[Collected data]
++++++++
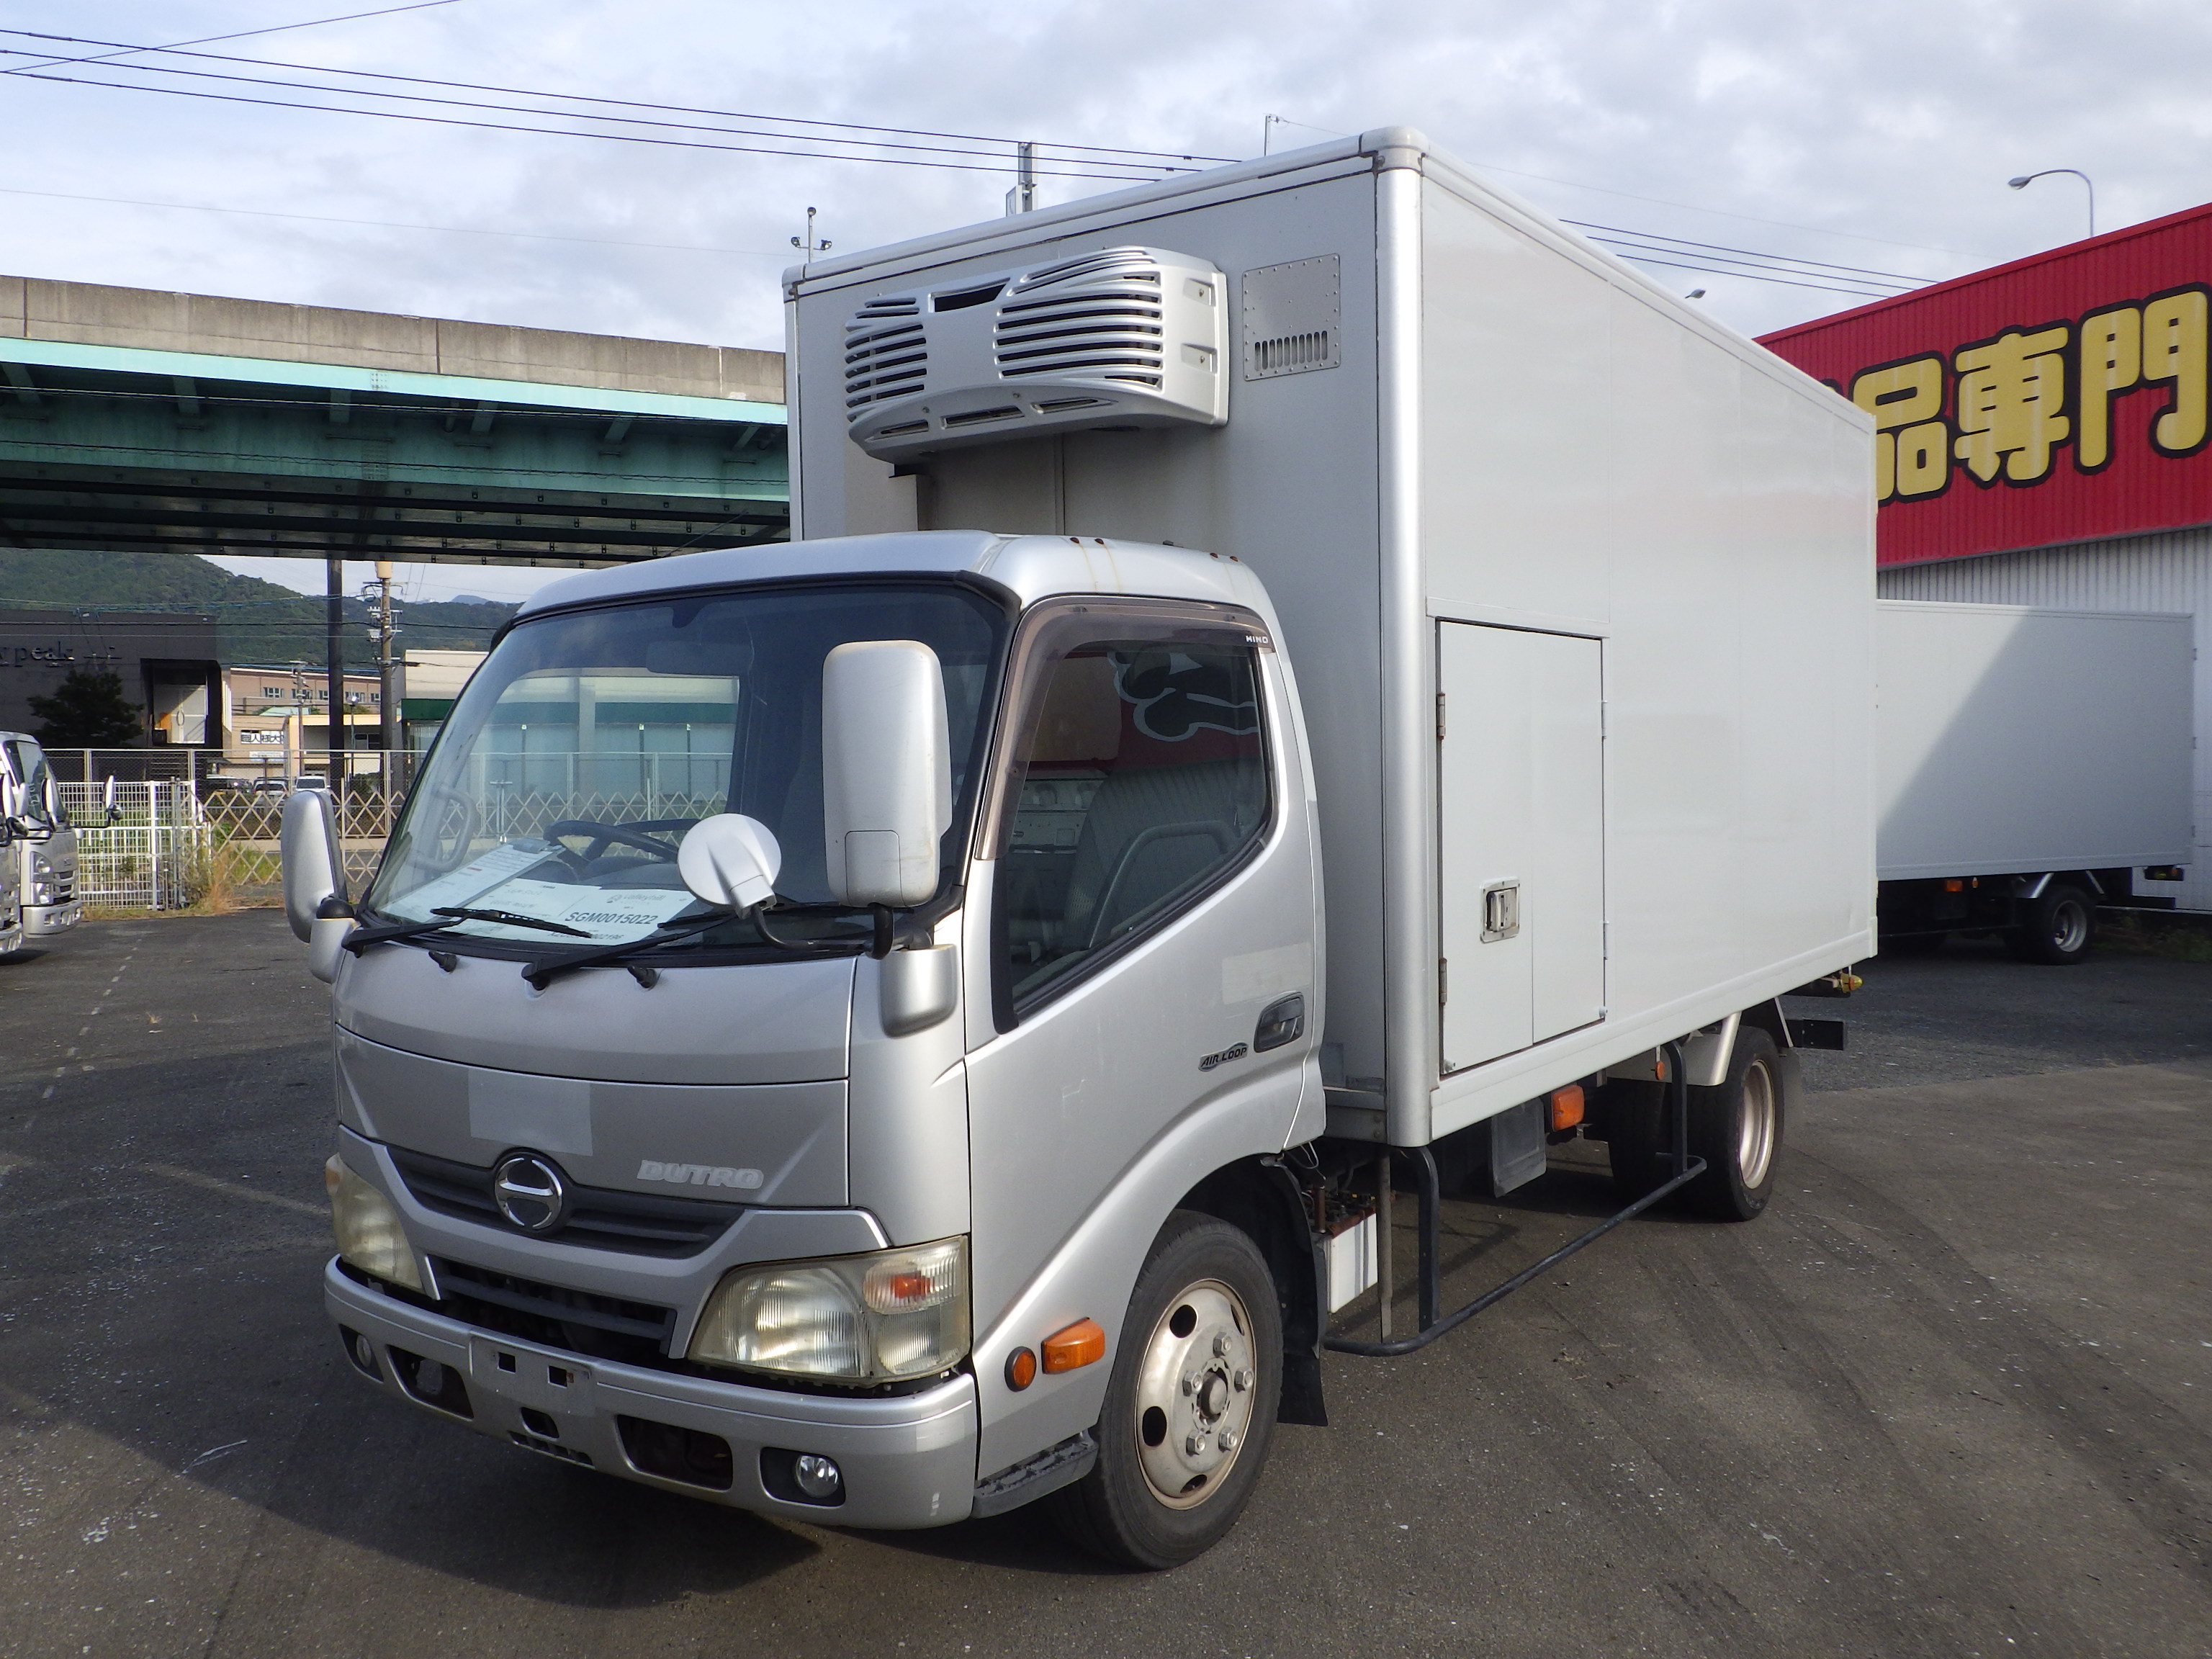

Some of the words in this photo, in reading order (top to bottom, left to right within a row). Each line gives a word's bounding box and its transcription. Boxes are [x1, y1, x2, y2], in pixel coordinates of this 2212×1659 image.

[1823, 283, 2211, 505] 品専門
[1246, 635, 1269, 644] HINO
[565, 912, 658, 925] SGM0015022
[1200, 1054, 1219, 1067] AIR
[1221, 1047, 1247, 1061] LOOP
[637, 1159, 765, 1190] DUTRO
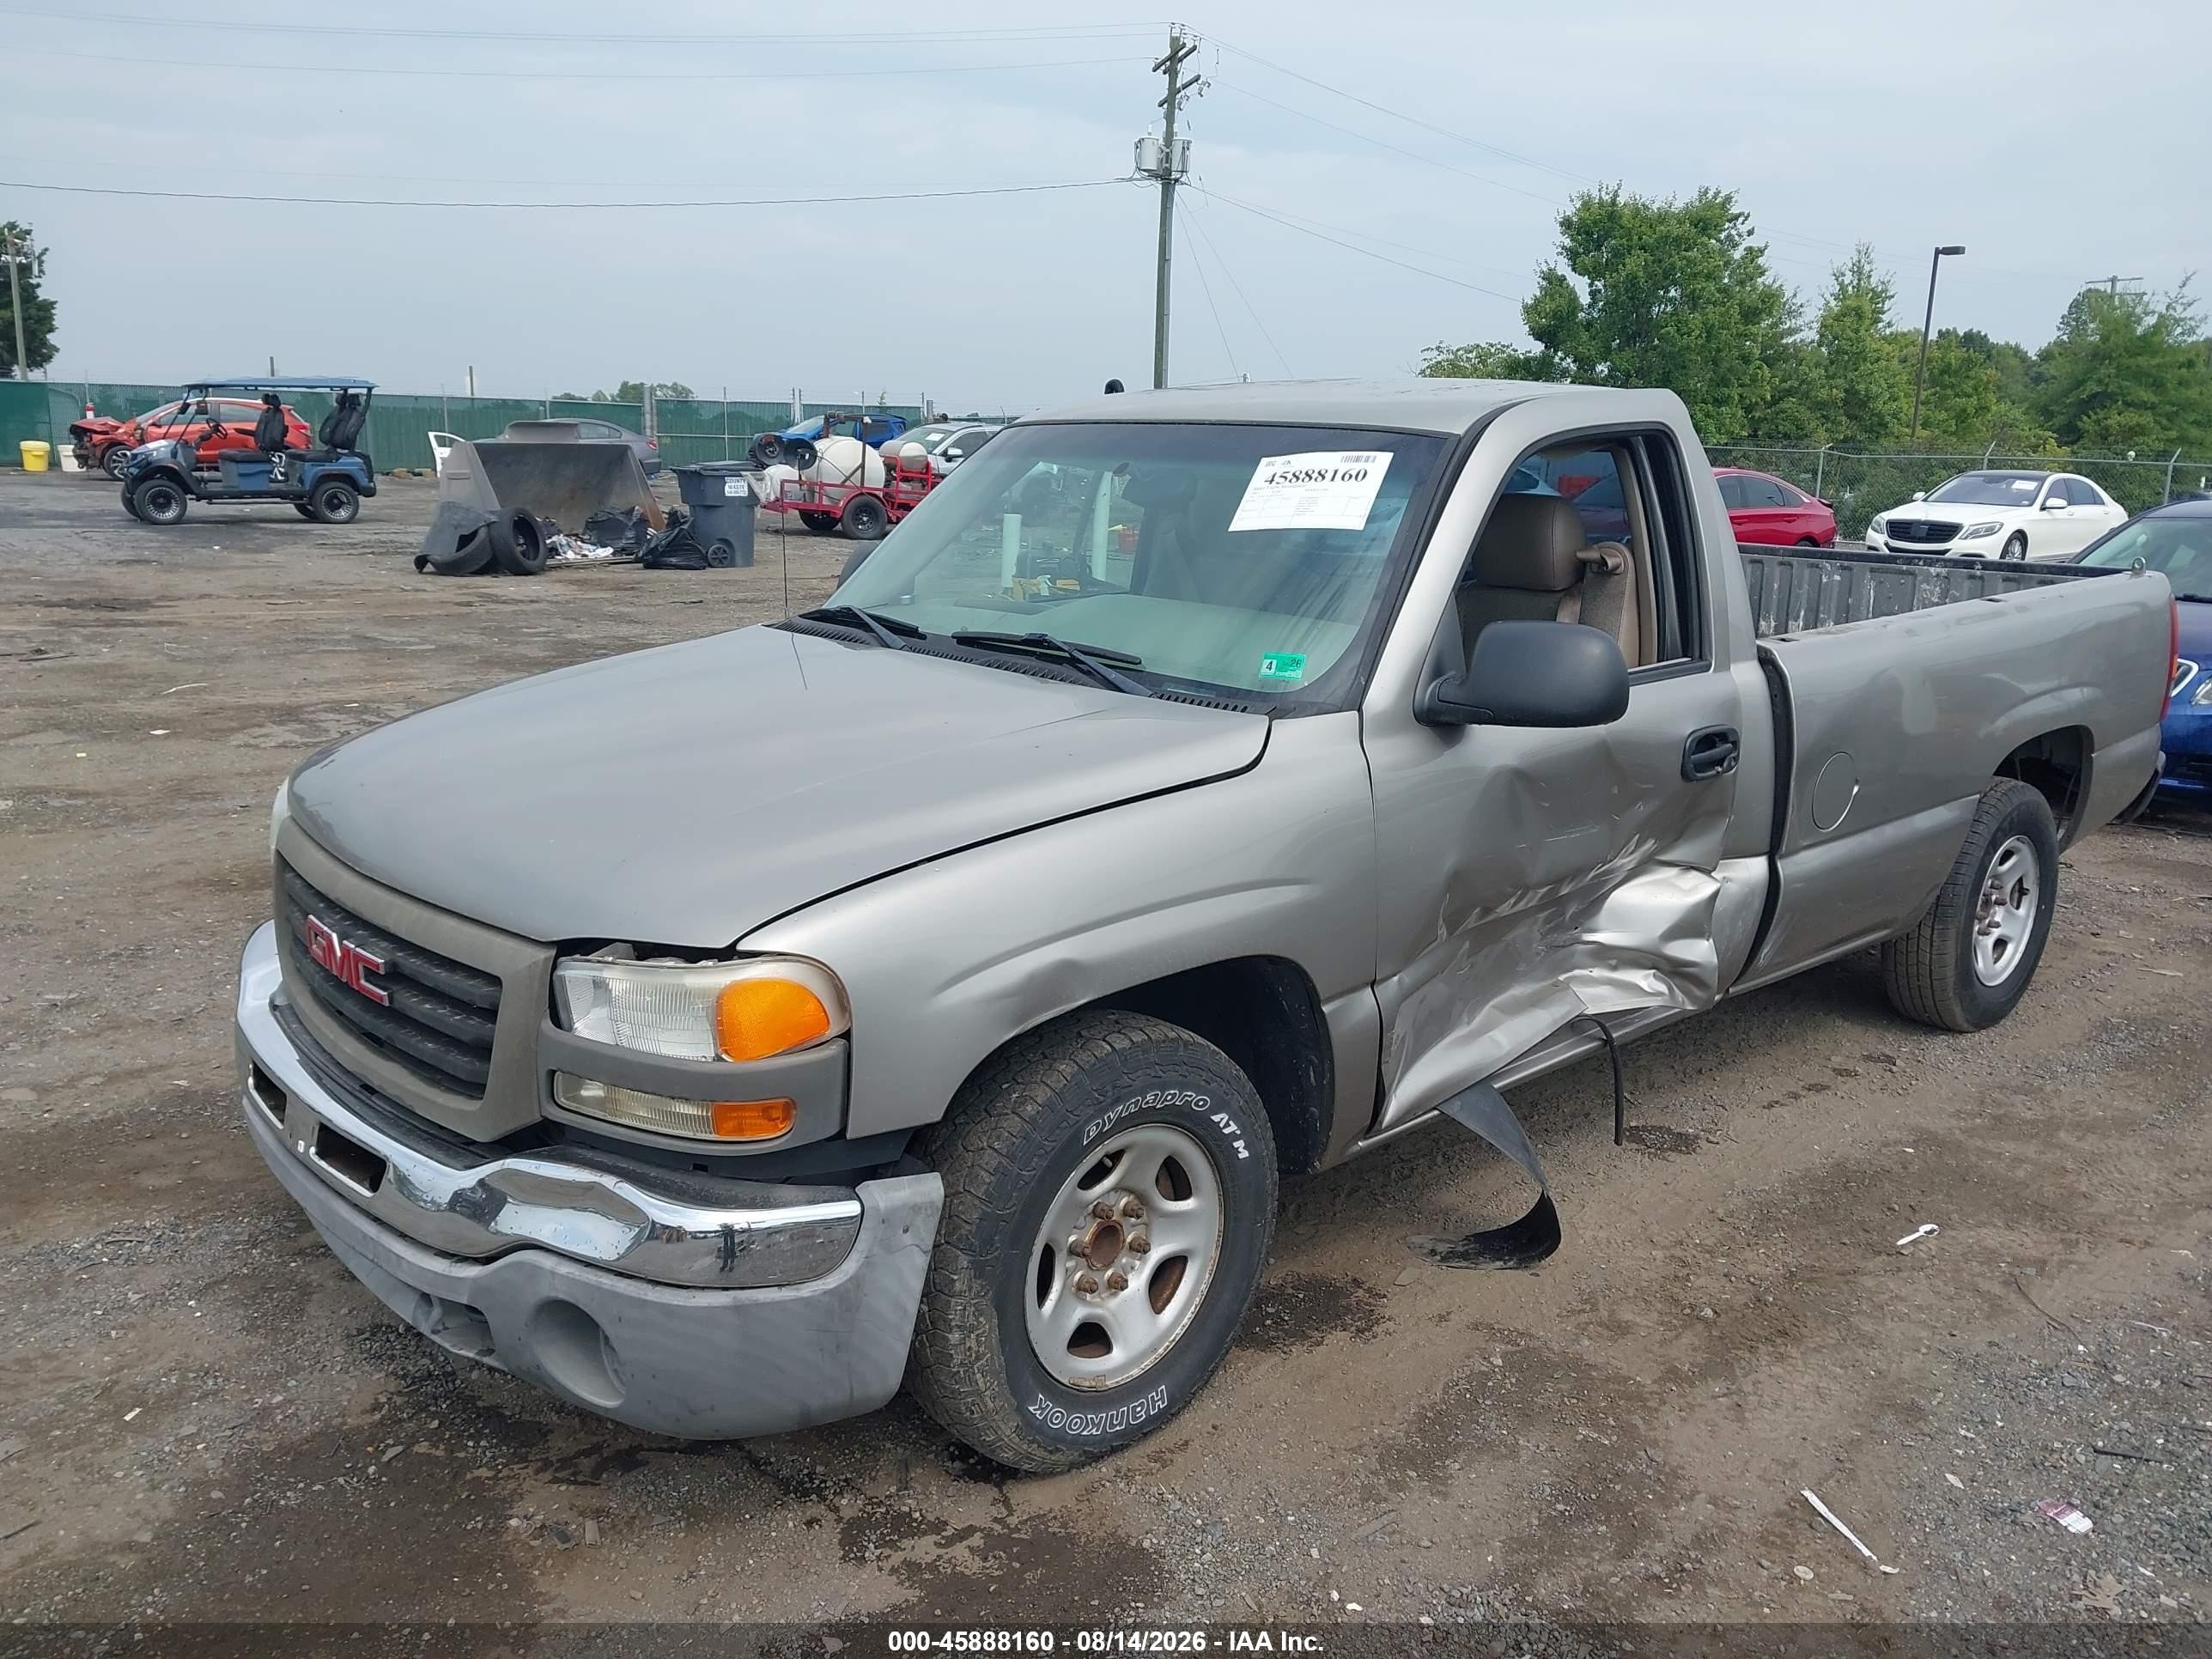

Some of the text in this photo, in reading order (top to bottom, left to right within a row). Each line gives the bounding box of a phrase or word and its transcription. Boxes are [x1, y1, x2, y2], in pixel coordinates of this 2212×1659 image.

[1263, 468, 1368, 485] 45888160
[1266, 660, 1273, 672] 4
[306, 914, 390, 1007] GMC
[1083, 1089, 1211, 1146] Dynapro
[1029, 1384, 1168, 1436] Hankook
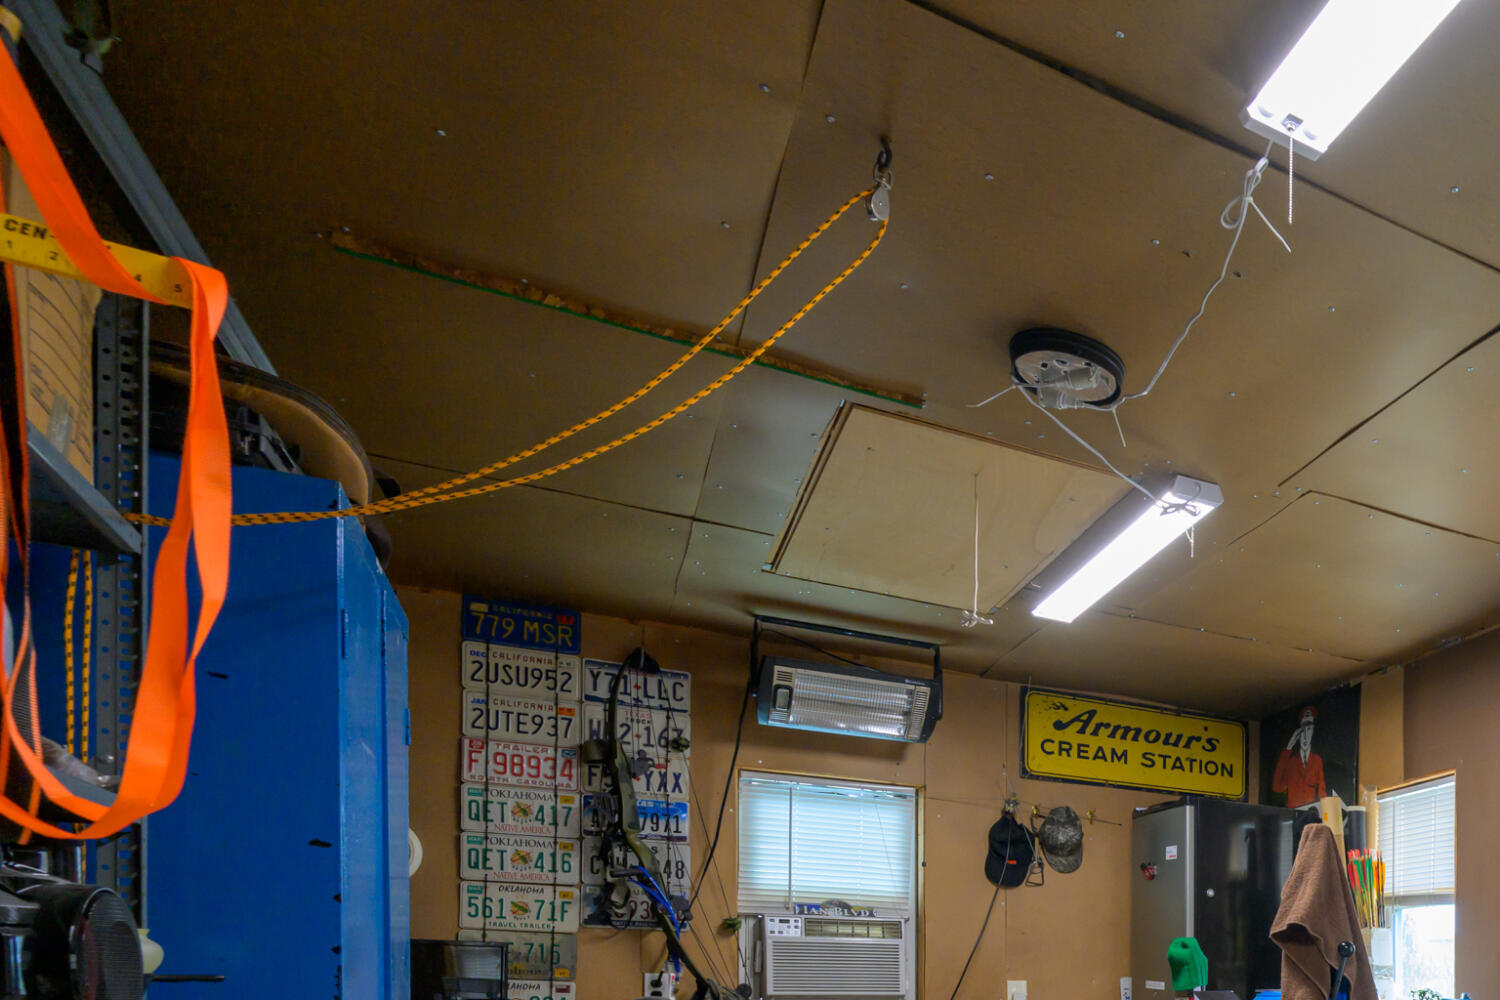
++++++++
= TASK DESCRIPTION =
Each record above needs to be transcribed word for word, with its pictures omitted.

= EXERCISE RESPONSE =
Some of the words in this photo, in reading order (top to bottom, left to right within a row). Each line gives a word's bounding box and its transcription. Boxes are [x1, y1, x2, y2], in pixel coordinates of this 2212×1659 image.

[1823, 283, 2211, 505] 品専門
[1246, 635, 1269, 644] HINO
[565, 912, 658, 925] SGM0015022
[1200, 1054, 1219, 1067] AIR
[1221, 1047, 1247, 1061] LOOP
[637, 1159, 765, 1190] DUTRO

Some of the text in this photo, in reading order (top to bottom, left to right within a row). Each line gives the bounding box of a phrase or word and its transcription. Boxes are [x1, y1, x2, y2], in pixel coordinates of this 2212×1659 image.

[1263, 468, 1368, 485] 45888160
[1266, 660, 1273, 672] 4
[306, 914, 390, 1007] GMC
[1083, 1089, 1211, 1146] Dynapro
[1029, 1384, 1168, 1436] Hankook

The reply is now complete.